WHAT YOU ARE ASKED TO DO - Each entry below should be returned exactly as is, with the pictures removed.

*** PROVIDED MATERIAL Section Begins ***

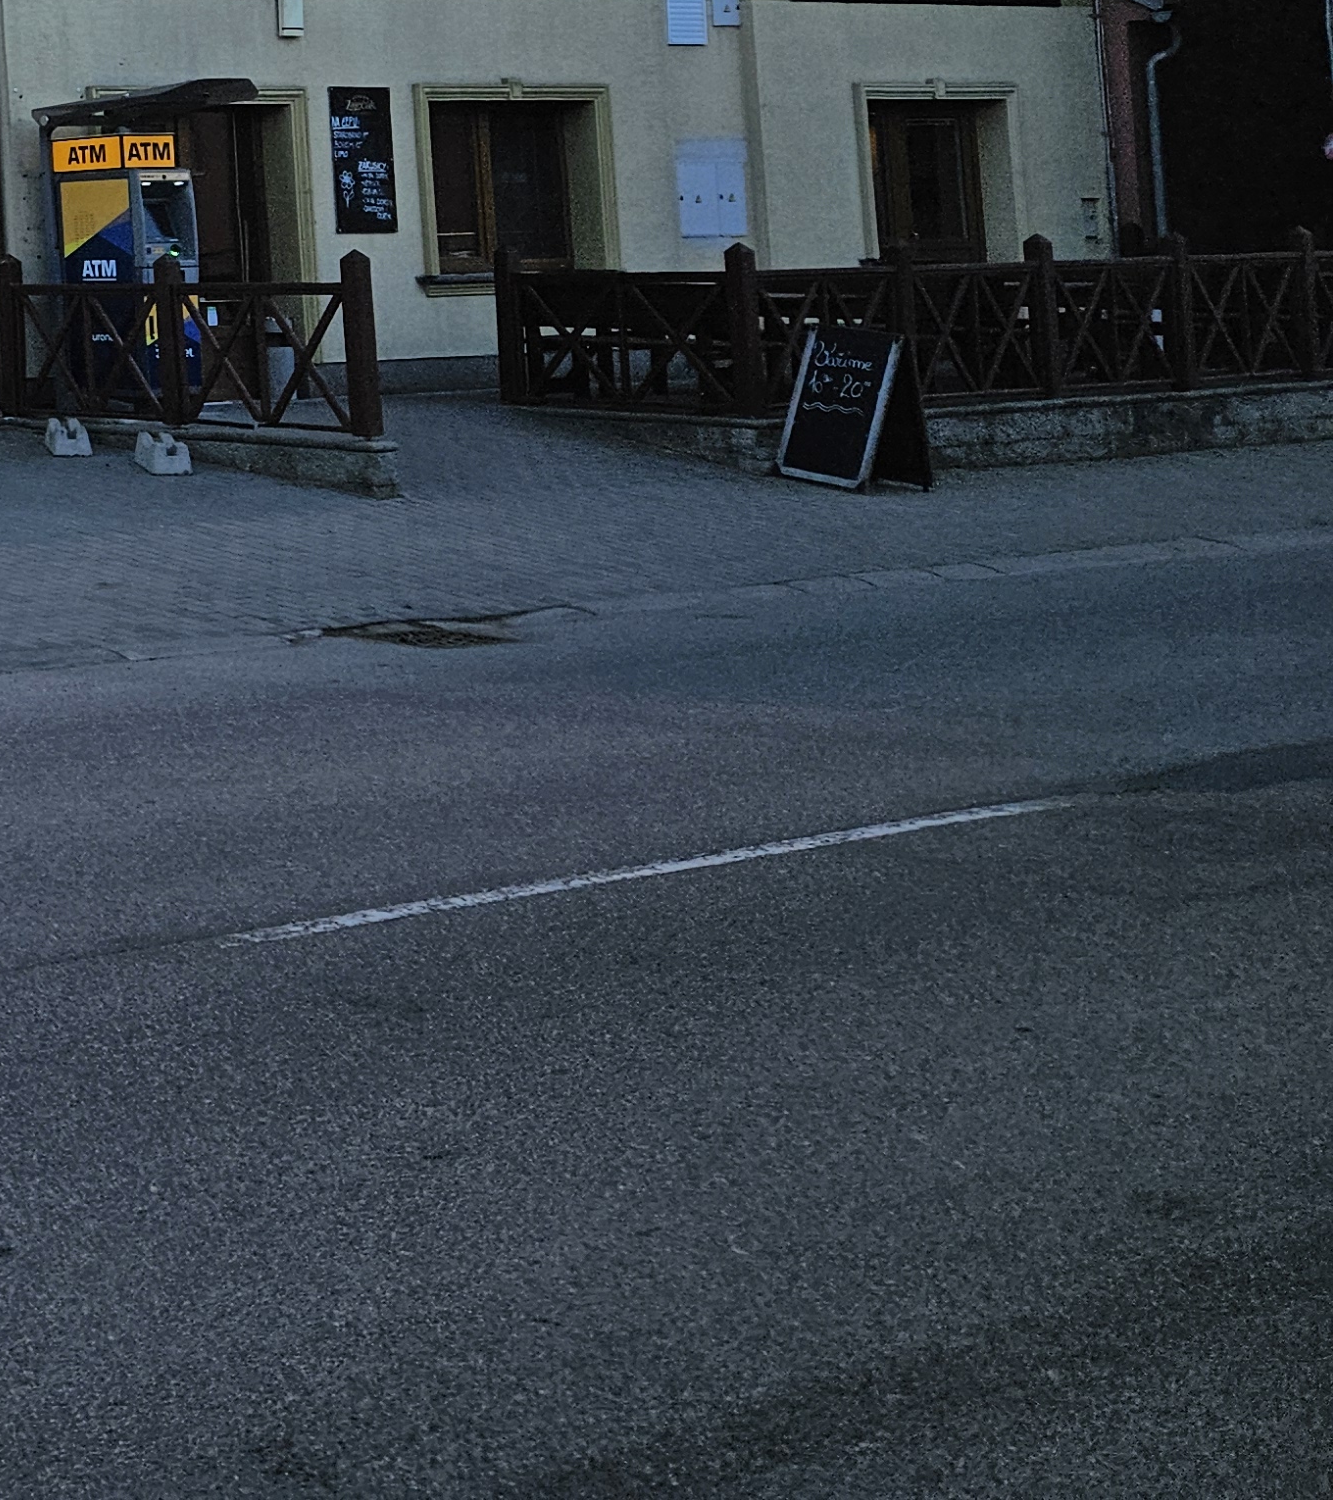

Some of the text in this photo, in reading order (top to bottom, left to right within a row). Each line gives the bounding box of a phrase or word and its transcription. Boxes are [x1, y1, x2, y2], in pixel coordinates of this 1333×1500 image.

[68, 144, 107, 165] ATM
[128, 142, 171, 161] ATM
[82, 260, 117, 277] ATM
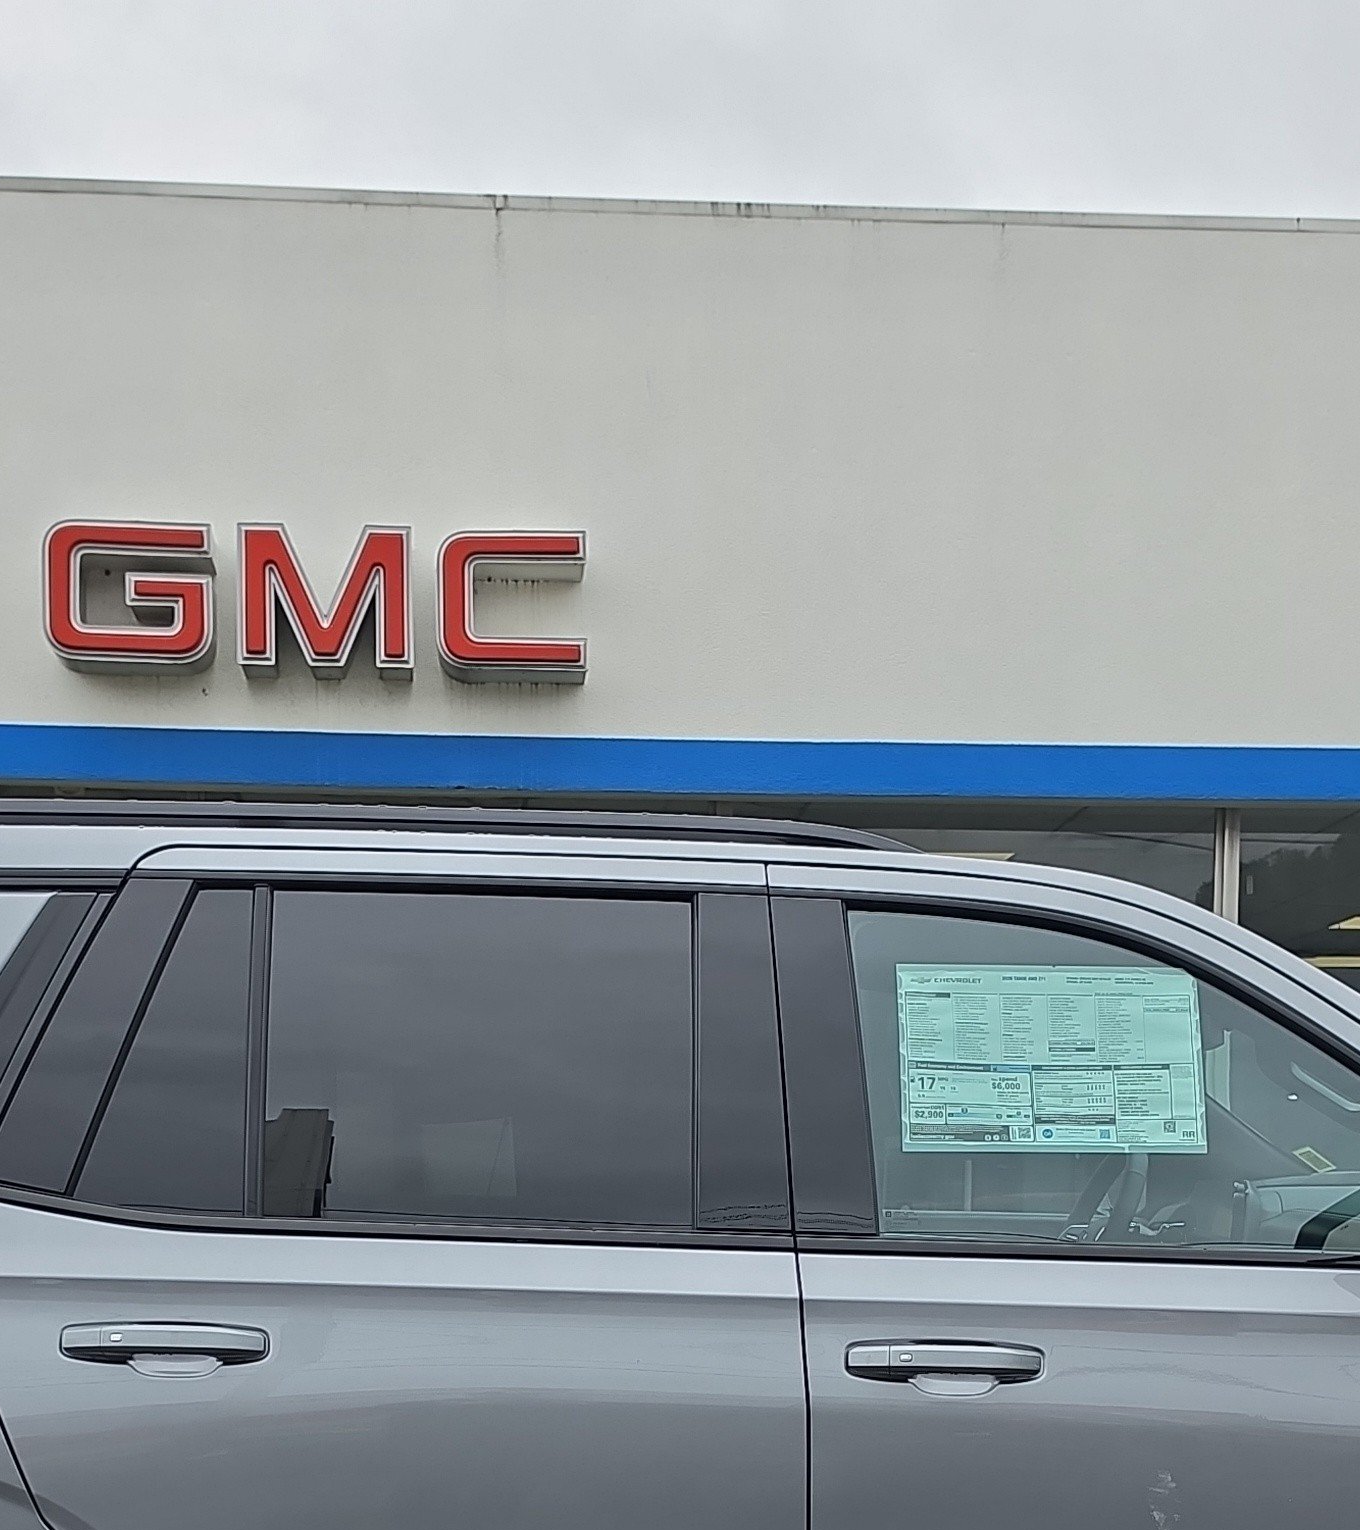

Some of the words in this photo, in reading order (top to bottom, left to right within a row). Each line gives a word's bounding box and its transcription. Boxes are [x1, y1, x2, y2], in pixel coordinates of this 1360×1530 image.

[43, 520, 587, 672] GMC
[917, 1076, 936, 1090] 17
[991, 1081, 1021, 1090] $6,000
[915, 1110, 944, 1119] $2,900
[1182, 1130, 1195, 1138] RR
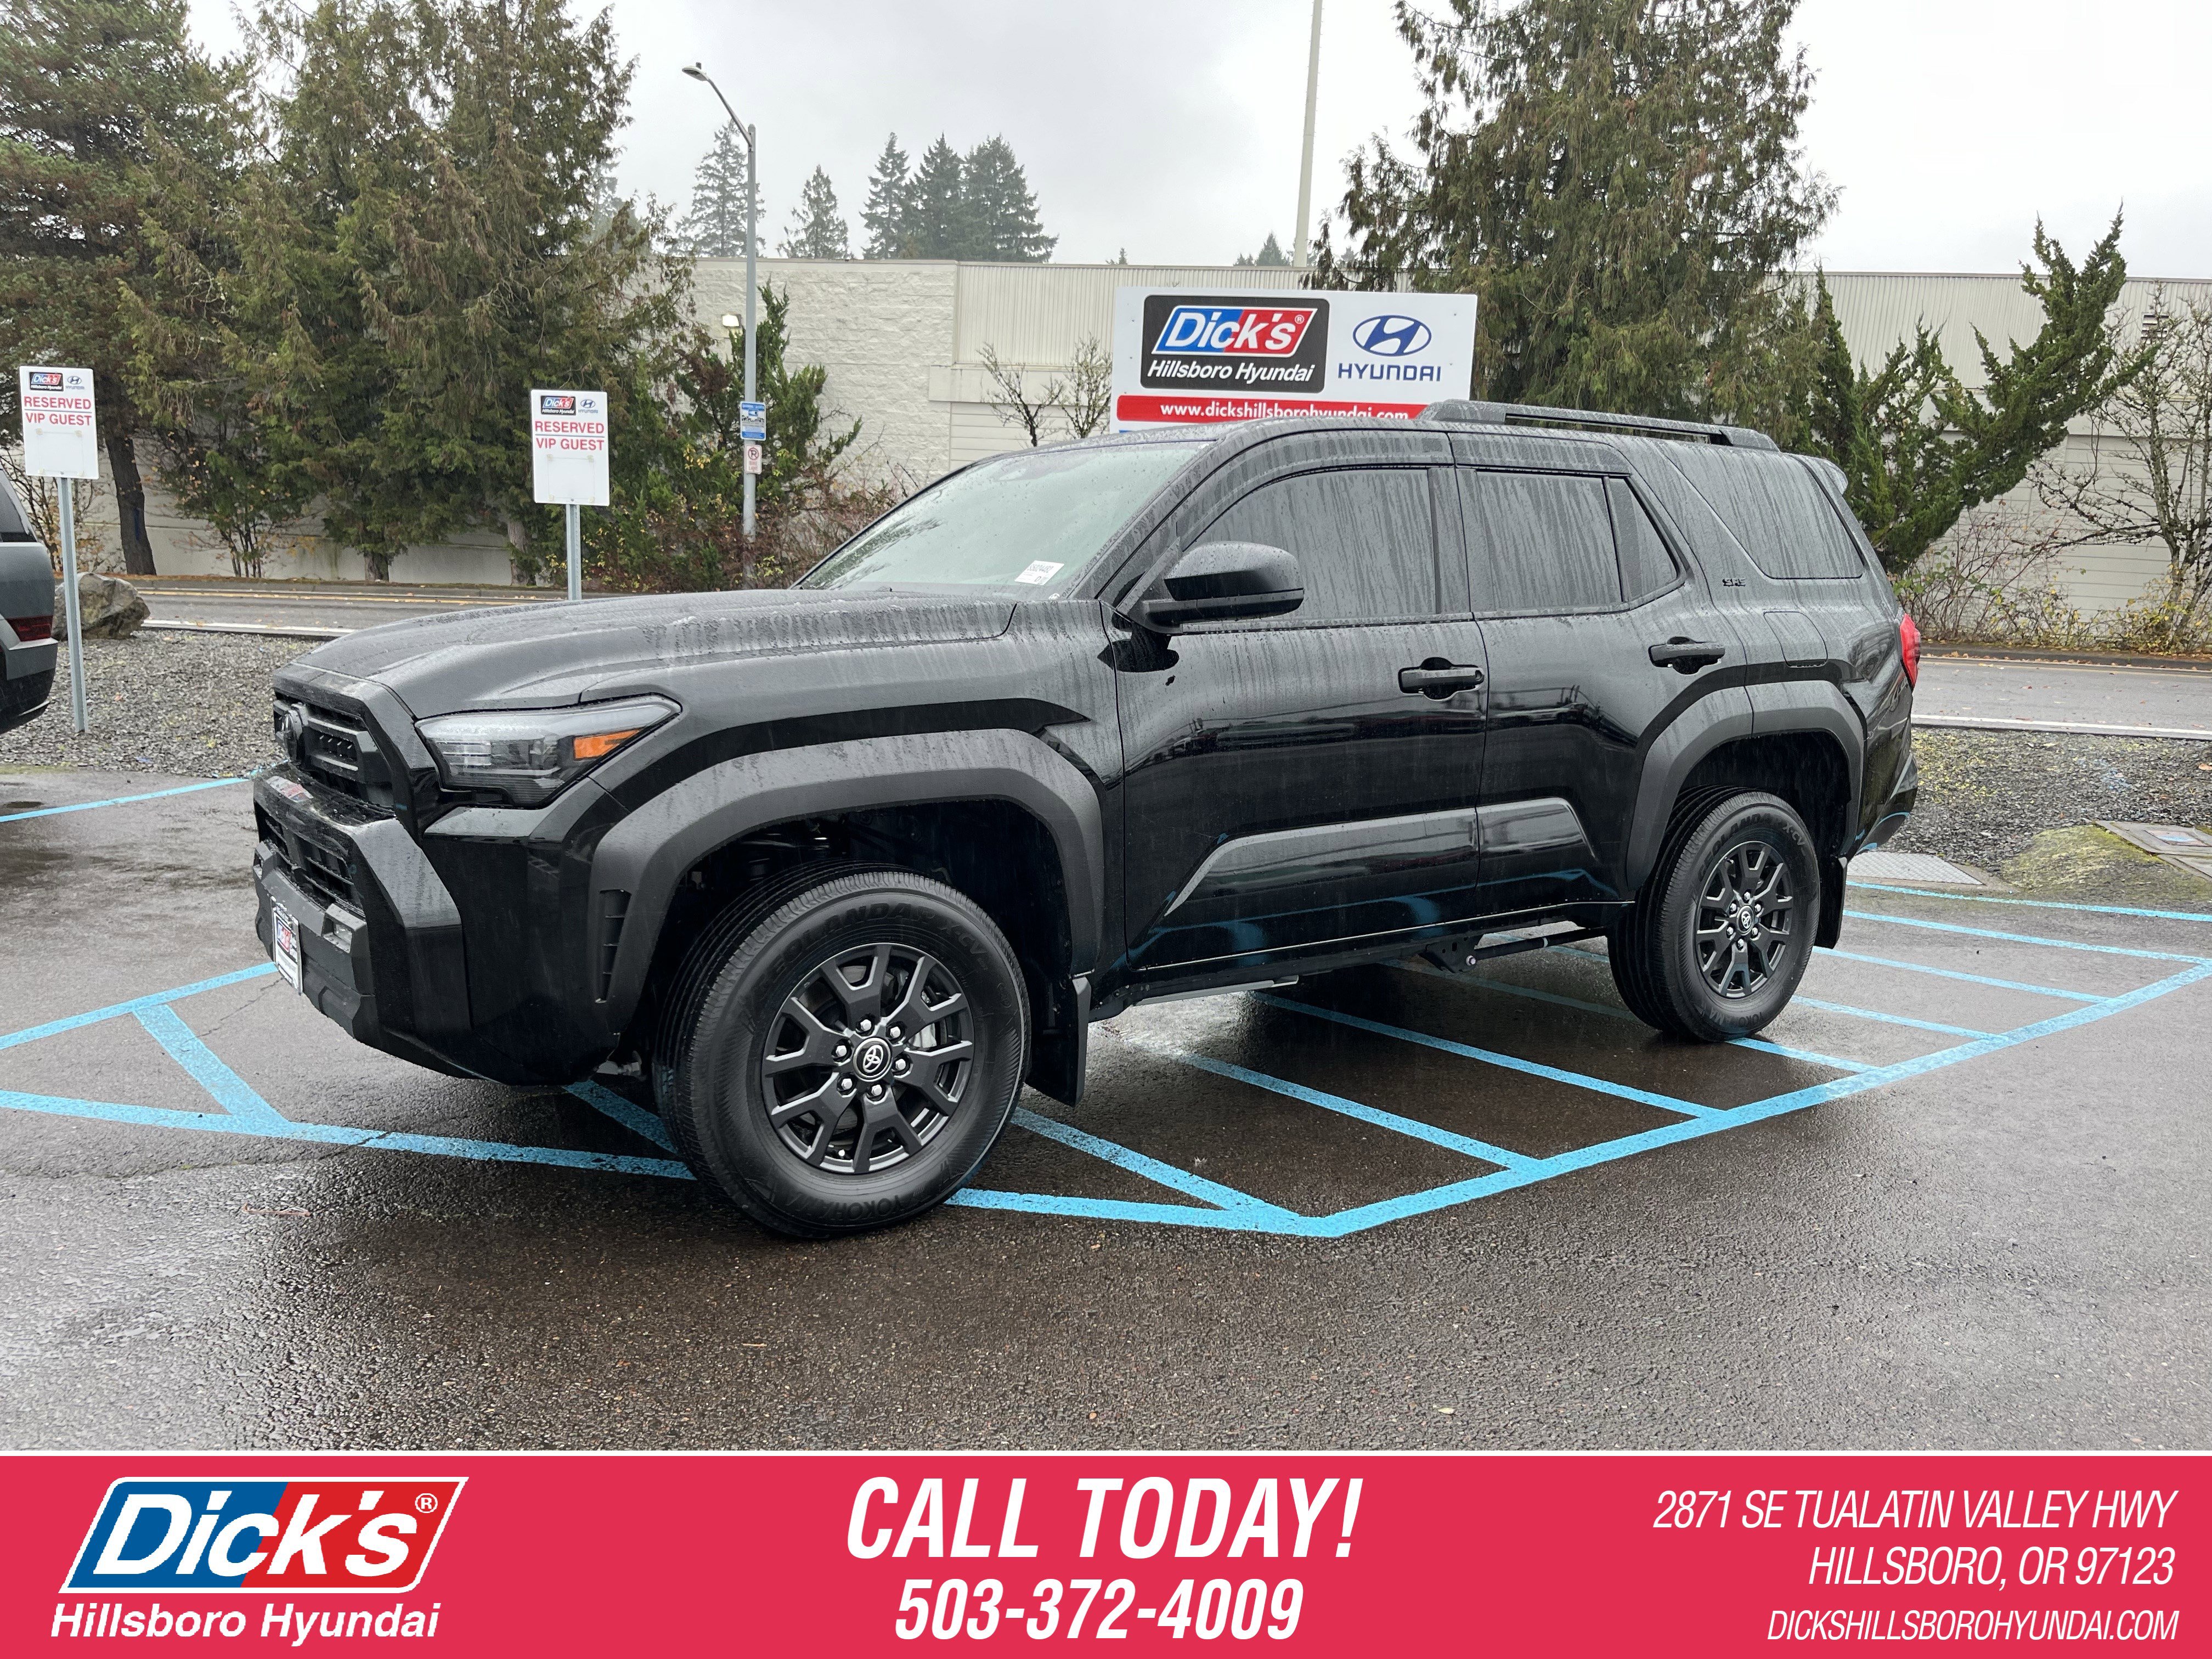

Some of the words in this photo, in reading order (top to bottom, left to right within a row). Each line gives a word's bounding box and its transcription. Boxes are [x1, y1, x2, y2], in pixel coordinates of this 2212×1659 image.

[1166, 312, 1295, 349] Dick's
[1148, 360, 1233, 379] Hillsboro
[1235, 362, 1316, 385] Hyundai
[1338, 363, 1441, 381] HYUNDAI
[24, 396, 92, 409] RESERVED
[1160, 401, 1408, 420] www.dickshillsborohundaicom
[25, 413, 45, 423] VIP
[49, 414, 92, 426] GUEST
[535, 420, 605, 434] RESERVED
[536, 438, 556, 448] VIP
[560, 438, 605, 450] GUEST

*** PROVIDED MATERIAL Section Ends ***

ANSWER TO THE EXERCISE -
Some of the text in this photo, in reading order (top to bottom, left to right within a row). Each line gives the bounding box of a phrase or word and its transcription. Boxes are [x1, y1, x2, y2], in pixel coordinates of this 1333×1500 image.

[68, 144, 107, 165] ATM
[128, 142, 171, 161] ATM
[82, 260, 117, 277] ATM

Some of the words in this photo, in reading order (top to bottom, left to right within a row). Each line gives a word's bounding box and its transcription. Boxes are [x1, y1, x2, y2], in pixel coordinates of this 1360×1530 image.

[43, 520, 587, 672] GMC
[917, 1076, 936, 1090] 17
[991, 1081, 1021, 1090] $6,000
[915, 1110, 944, 1119] $2,900
[1182, 1130, 1195, 1138] RR

Some of the words in this photo, in reading order (top to bottom, left to right within a row). Each line gives a word's bounding box and its transcription. Boxes are [x1, y1, x2, y2], in pixel coordinates of this 2212×1659 image.

[1166, 312, 1295, 349] Dick's
[1148, 360, 1233, 379] Hillsboro
[1235, 362, 1316, 385] Hyundai
[1338, 363, 1441, 381] HYUNDAI
[24, 396, 92, 409] RESERVED
[1160, 401, 1408, 420] www.dickshillsborohundaicom
[25, 413, 45, 423] VIP
[49, 414, 92, 426] GUEST
[535, 420, 605, 434] RESERVED
[536, 438, 556, 448] VIP
[560, 438, 605, 450] GUEST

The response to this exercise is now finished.